John Sfakianakis, chief economist at SABB Bank, said food products account for about 30 per cent in the weighting of the cost of living index, used to track inflation.

"It's the largest component ... This means that inflation will be rising and will probably be higher than in 2007," he said.

"The ministry is trying to indicate to the Saudi public that it is expecting more food inflation, at a time when inflation is an issue in the kingdom and at a time when food inflation is a global issue," he said.

Stock-piling does not help solve the problem, he said.

"The ministry said that because it feels pressured to do something," he added.

A Reuters poll of 12 economists last month showed that Saudi Arabia faces accelerating inflation in 2008 with prices rising twice as fast as they did last year, spurred by rents and a dollar-pegged currency.

Dollar pegs force central banks to track U.S. monetary policy.
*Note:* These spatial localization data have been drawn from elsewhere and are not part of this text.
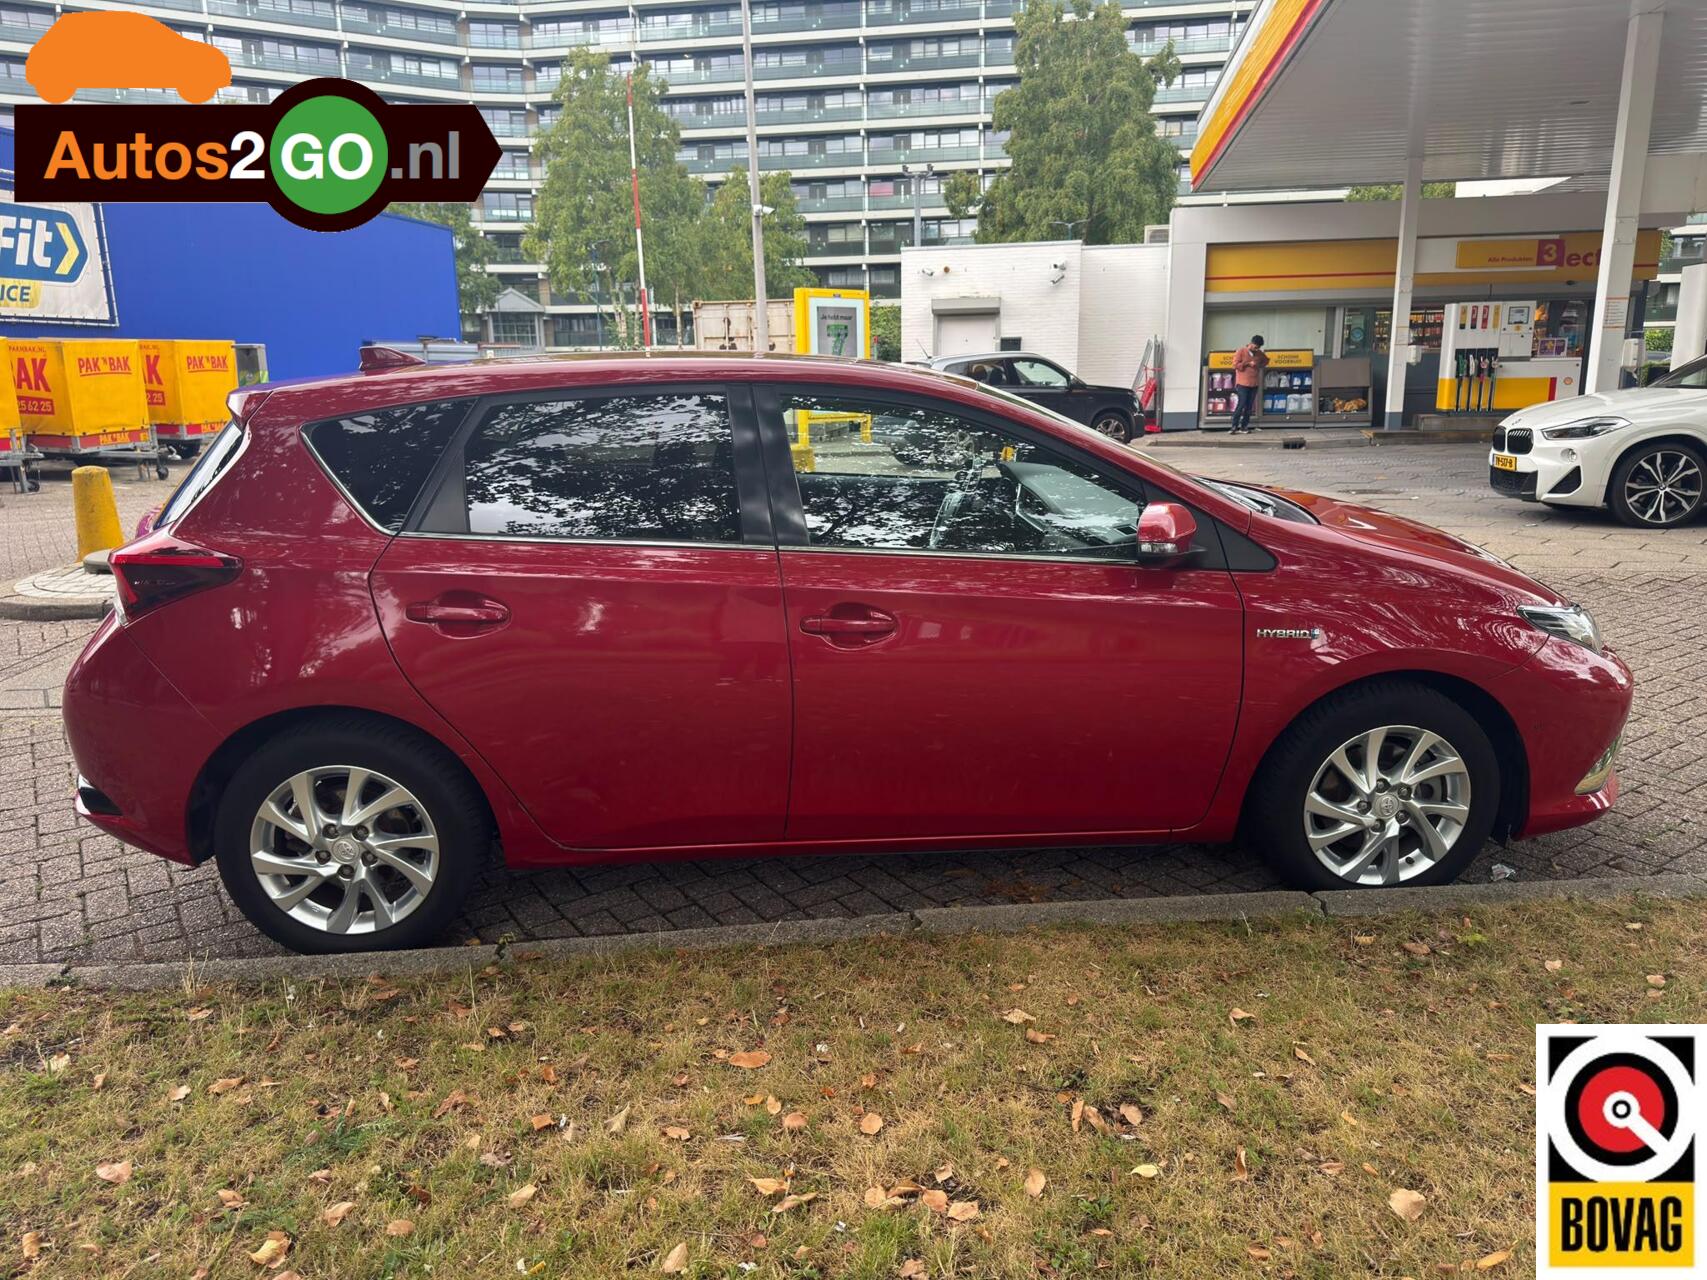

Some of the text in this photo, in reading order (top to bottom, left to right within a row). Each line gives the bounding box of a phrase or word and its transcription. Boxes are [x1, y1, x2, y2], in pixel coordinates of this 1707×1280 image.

[78, 357, 100, 373] PAK
[108, 356, 131, 371] BAK
[187, 356, 204, 370] PAK
[211, 355, 228, 369] BAK
[28, 401, 38, 412] 62
[40, 401, 52, 412] 25
[1256, 628, 1311, 639] HYBRID
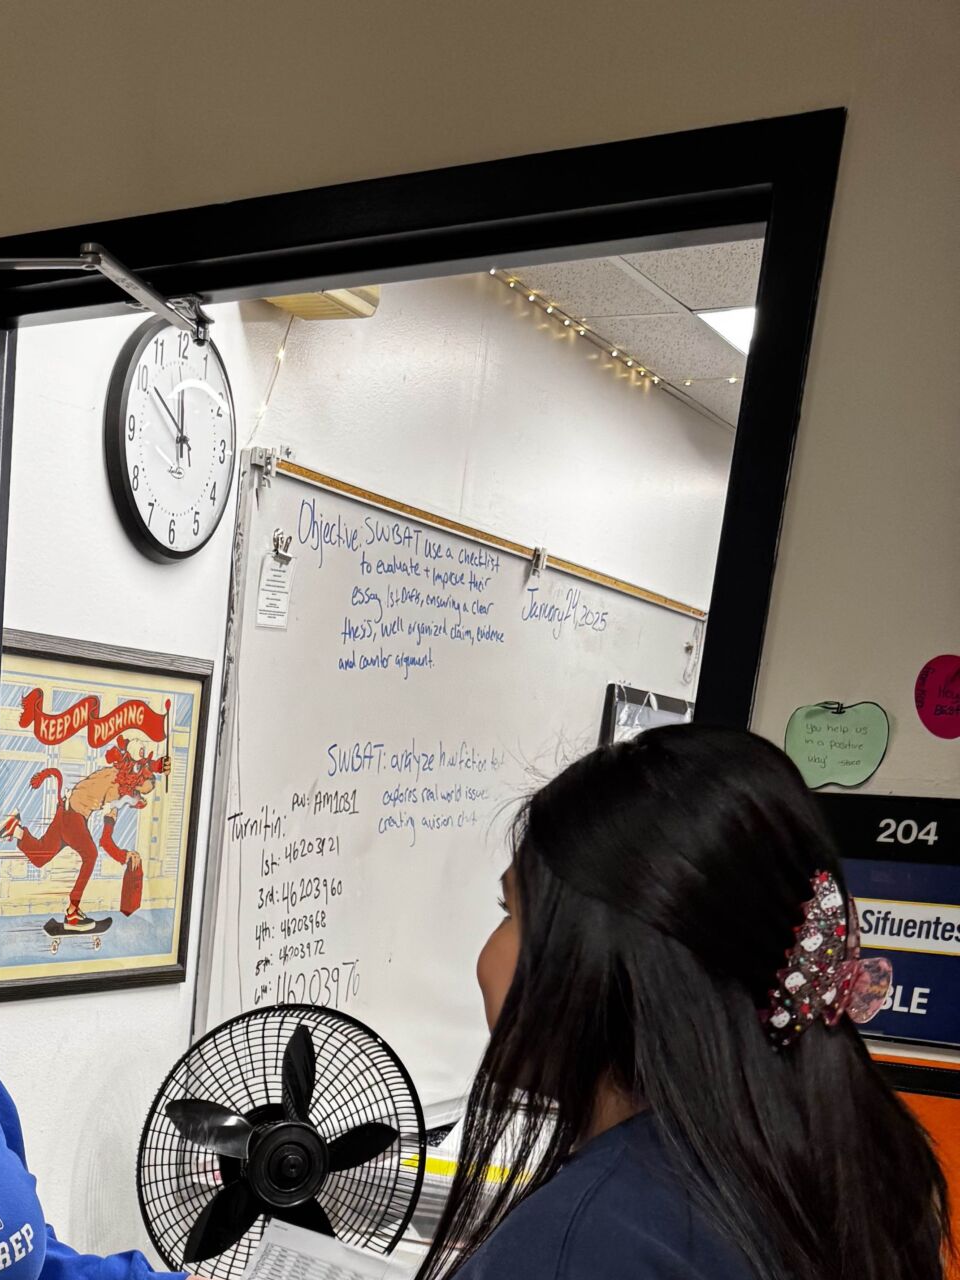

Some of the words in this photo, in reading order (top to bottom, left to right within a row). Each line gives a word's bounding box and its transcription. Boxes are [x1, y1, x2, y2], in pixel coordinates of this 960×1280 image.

[154, 337, 165, 366] 11
[177, 330, 189, 360] 12
[137, 363, 149, 392] 10
[203, 353, 209, 382] 1
[128, 414, 136, 441] 9
[219, 439, 226, 465] 3
[132, 465, 139, 491] 8
[210, 481, 217, 507] 4
[147, 502, 155, 528] 7
[192, 511, 200, 536] 5
[168, 519, 176, 545] 6
[365, 517, 422, 556] SWBAT
[424, 540, 443, 559] use
[446, 546, 454, 559] a
[458, 548, 500, 573] checklist
[360, 551, 372, 576] to
[376, 555, 421, 576] evaluate
[424, 566, 430, 578] +
[468, 570, 492, 593] their
[351, 585, 384, 623] essay
[426, 592, 463, 626] ensuring
[462, 601, 470, 613] a
[471, 600, 495, 616] clear
[522, 587, 564, 640] January
[578, 605, 609, 632] 2025
[341, 616, 377, 645] thesis,
[381, 616, 404, 637] well
[408, 618, 447, 645] organized
[450, 623, 474, 645] claim,
[476, 627, 505, 643] evidence
[338, 650, 356, 670] and
[395, 647, 435, 680] argument.
[40, 714, 72, 740] KEEP
[73, 702, 89, 729] ON
[93, 704, 145, 744] PUSHING
[827, 723, 849, 735] help
[855, 726, 869, 736] us
[327, 742, 386, 777] SWBAT:
[390, 738, 435, 782] analyze
[829, 740, 865, 751] positive
[421, 784, 439, 803] real
[440, 783, 461, 803] world
[228, 804, 287, 843] Turnitin:
[378, 810, 416, 848] creating
[876, 818, 939, 846] 204
[261, 847, 281, 877] 1st:
[257, 886, 280, 910] 3rd:
[282, 876, 343, 914] 46203960
[255, 921, 275, 950] 4th:
[280, 910, 327, 937] 46203968
The US Federal Reserve has cut borrowing costs by 100 basis points since September 18 to contain the fallout from a mortgage crisis, and most Gulf central banks have followed, even though inflation pressures at home did not warrant a looser policy.

Prices across the world's biggest oil-exporting region are rising at their fastest pace this decade, spurred by economic growth and government spending of windfall revenue from a near five-fold increase in crude prices since 2002.

Inflation is stirring discontent among migrant labour, which dominates the Gulf's workforce, forcing governments to intervene in markets, and fuelling speculation that central banks will eventually unshackle currencies from the dollar.  (Reuters)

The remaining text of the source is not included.